L'éligibilité varie considérablement d'un pays à l'autre, mais les principaux bénéficiaires comprennent : les ambassadeurs accrédités et les chefs de missions diplomatiques ; le personnel des ambassades et des consulats (des conseillers politiques chevronnés au personnel administratif, selon la politique du pays) ; les représentants permanents auprès des organisations internationales (ONU, OTAN, UE) ; les hauts fonctionnaires gouvernementaux impliqués dans les relations internationales ; et, dans certains pays, les membres des forces armées ayant un rang diplomatique. Certains pays étendent les passeports diplomatiques aux conjoints et aux enfants des diplomates ; d'autres les limitent strictement à l'officiel.

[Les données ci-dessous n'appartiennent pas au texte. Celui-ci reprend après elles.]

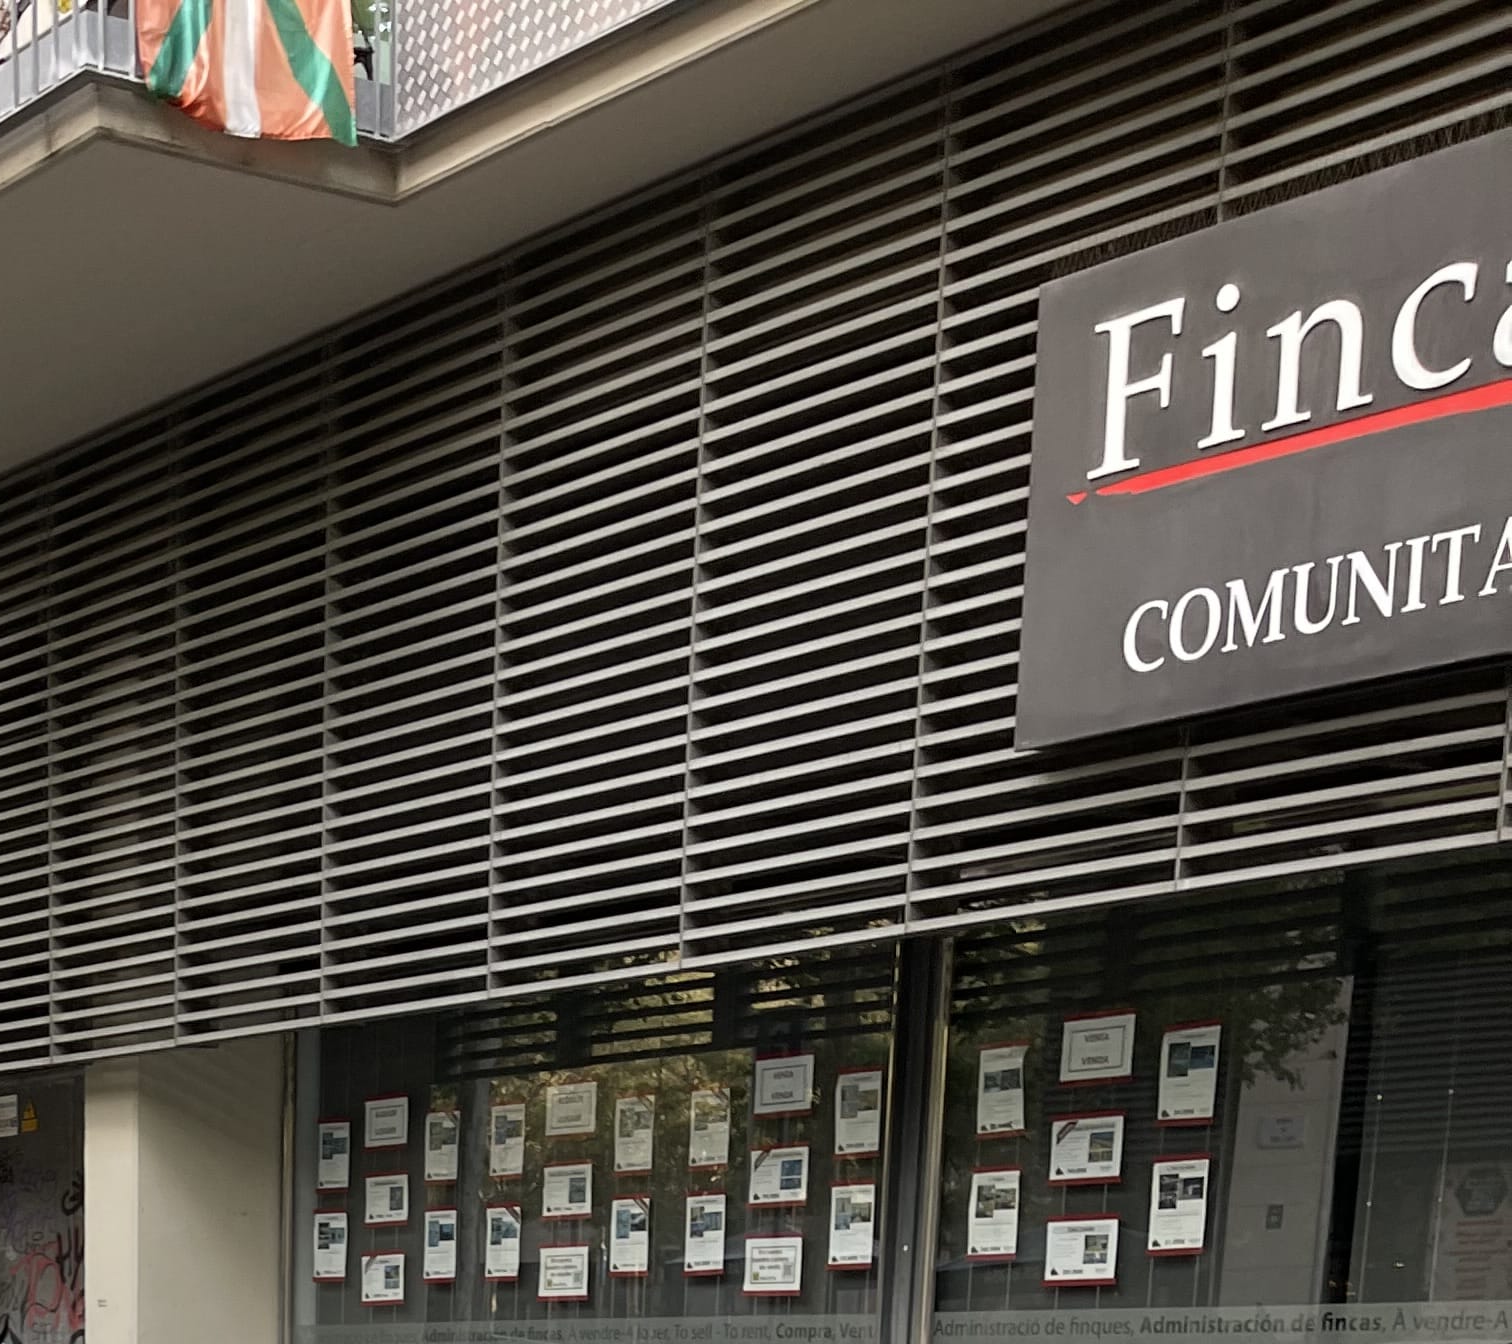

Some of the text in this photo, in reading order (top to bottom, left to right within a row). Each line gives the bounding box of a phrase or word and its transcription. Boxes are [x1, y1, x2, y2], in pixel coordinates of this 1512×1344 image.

[1087, 259, 1512, 480] Finc
[776, 1323, 835, 1343] Compra,
[934, 1318, 1039, 1337] Administració
[1044, 1317, 1064, 1336] de
[1069, 1316, 1135, 1339] finques,
[1140, 1312, 1284, 1336] Administración
[1291, 1312, 1315, 1332] de
[1321, 1311, 1386, 1334] fincas,
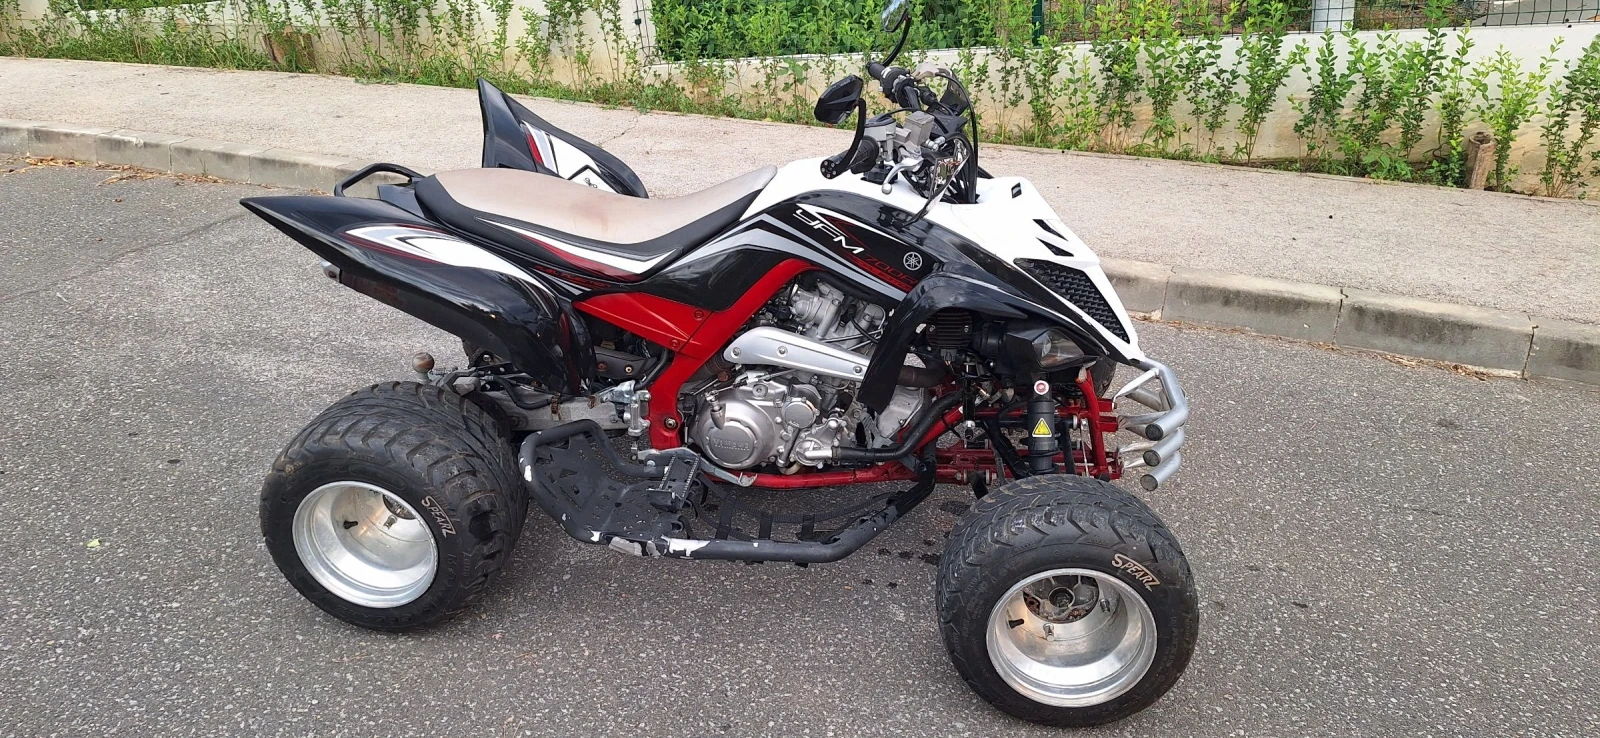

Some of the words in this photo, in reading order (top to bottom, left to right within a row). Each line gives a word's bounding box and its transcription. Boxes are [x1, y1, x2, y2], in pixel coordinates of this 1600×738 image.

[793, 209, 865, 255] YFM
[421, 495, 457, 538] SPEARZ
[1111, 553, 1160, 592] SPEARZ

Les États-Unis délivrent des passeports diplomatiques de manière relativement restreinte — principalement aux diplomates et à leurs familles. Le Royaume-Uni et la plupart des pays de l'UE suivent un modèle similaire. Cependant, des pays du Moyen-Orient, d'Afrique et de certaines parties de l'Asie les délivrent beaucoup plus libéralement. Certains accordent des passeports diplomatiques à des officiers militaires de haut rang, à des conseillers gouvernementaux ayant des responsabilités internationales, ou même à des membres éminents de la famille régnante. Cette variation crée un paysage mondial confus où un « passeport diplomatique » d'un pays est entièrement différent, par sa portée et ses privilèges, de celui d'un autre.

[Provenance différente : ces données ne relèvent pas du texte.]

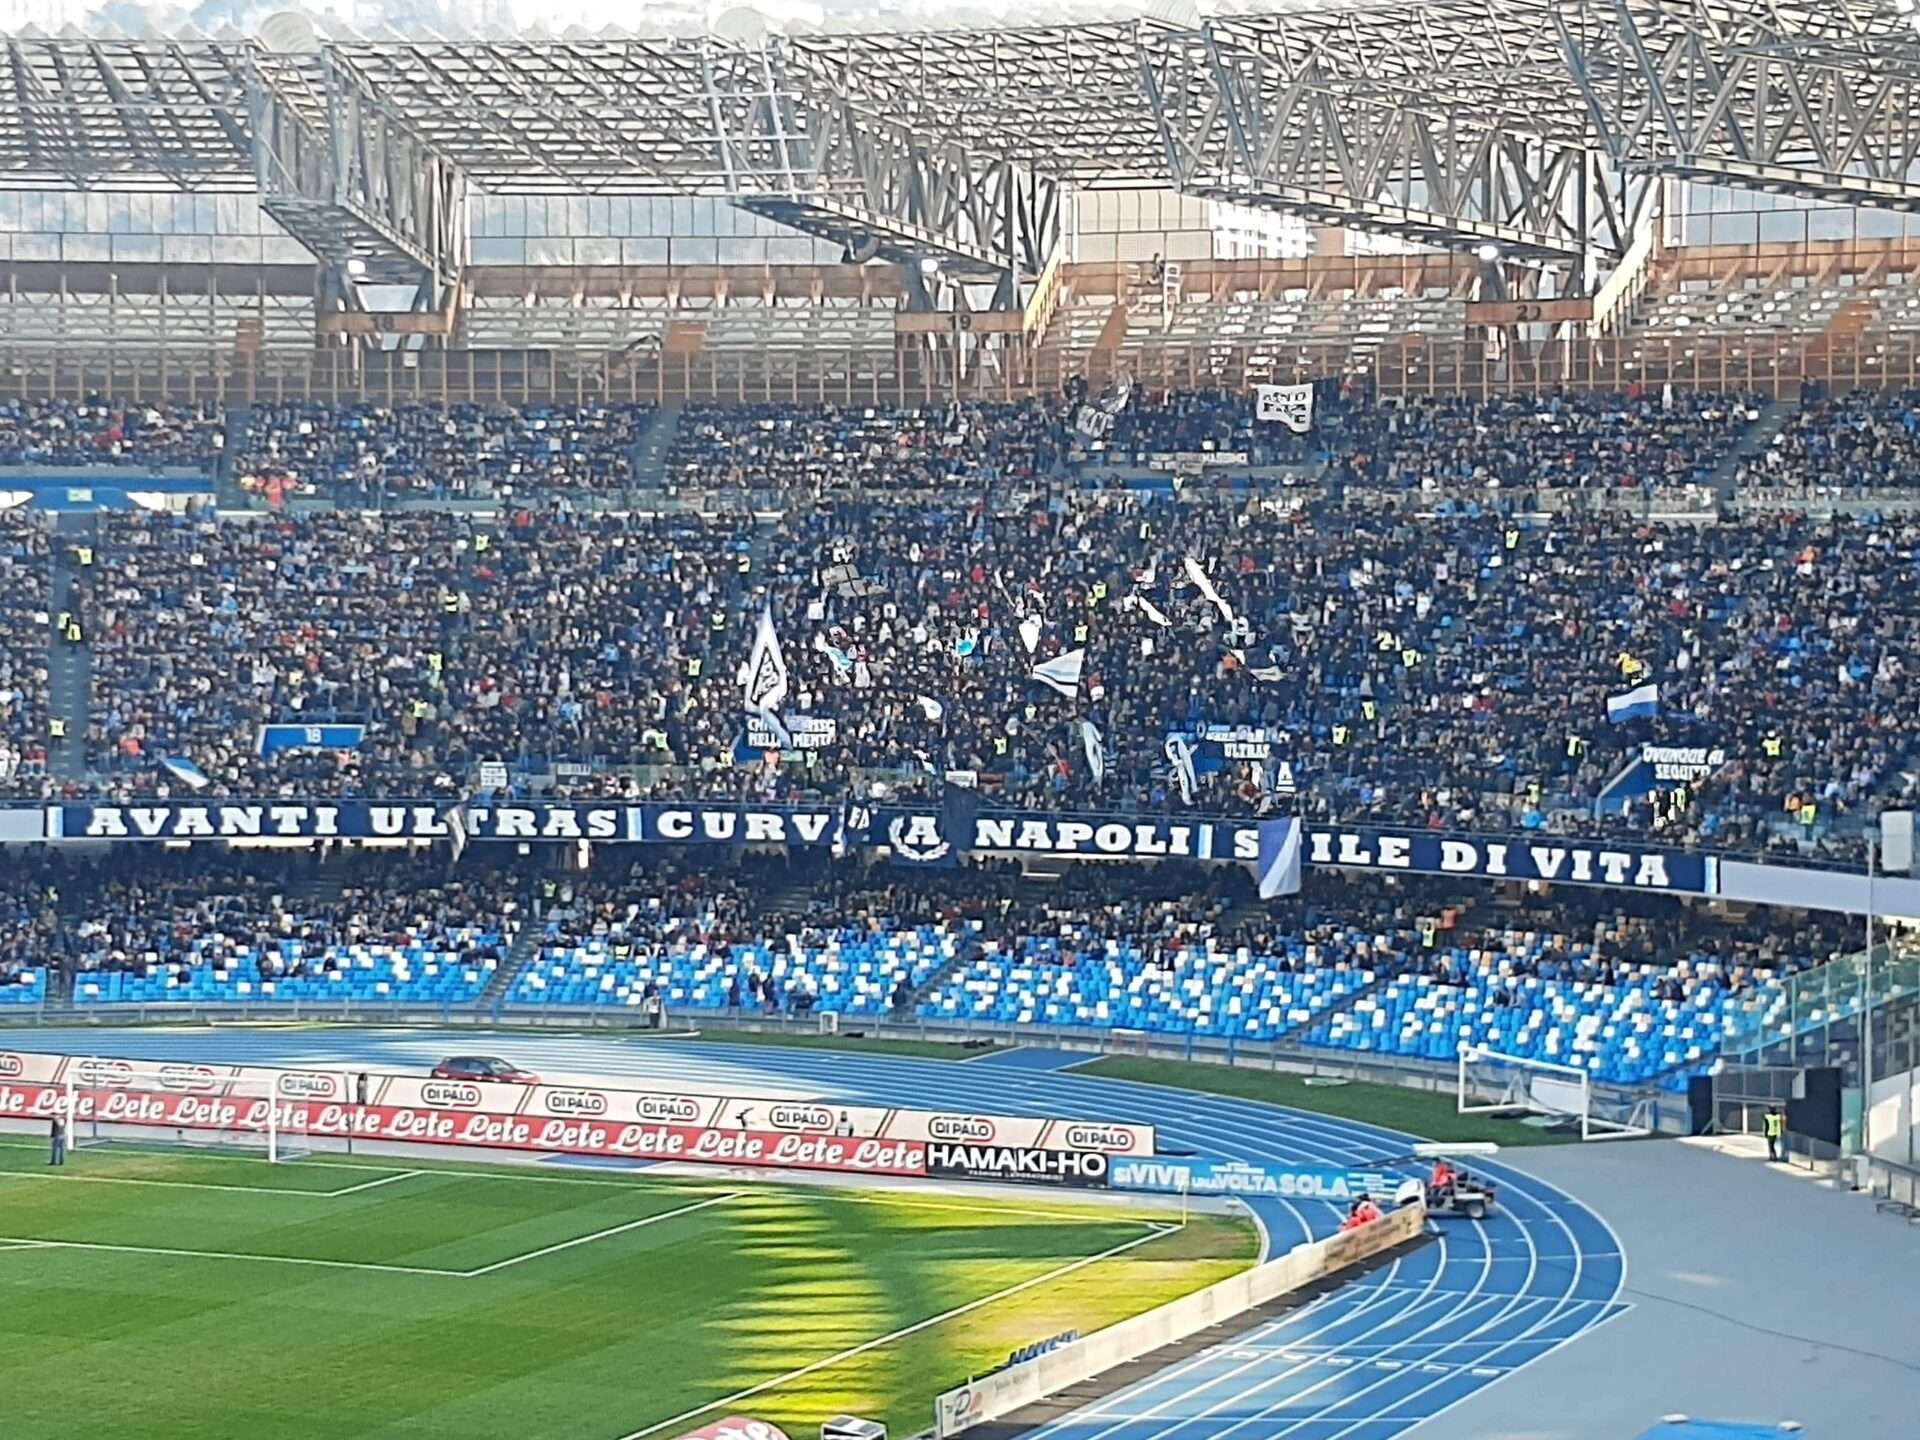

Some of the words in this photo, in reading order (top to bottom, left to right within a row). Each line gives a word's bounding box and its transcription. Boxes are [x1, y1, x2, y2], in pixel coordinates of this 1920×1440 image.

La Convention de Vienne sur les relations diplomatiques (1961) établit le cadre international des privilèges diplomatiques. Elle définit trois catégories : les diplomates (ambassadeurs de plein titre et chefs de missions), qui jouissent d'une immunité diplomatique totale ; le personnel administratif et technique ; et le personnel de service. Seule la première catégorie bénéficie d'une immunité diplomatique absolue, ce qui signifie qu'ils ne peuvent être poursuivis pour aucun crime dans le pays d'accueil sans une levée de l'immunité.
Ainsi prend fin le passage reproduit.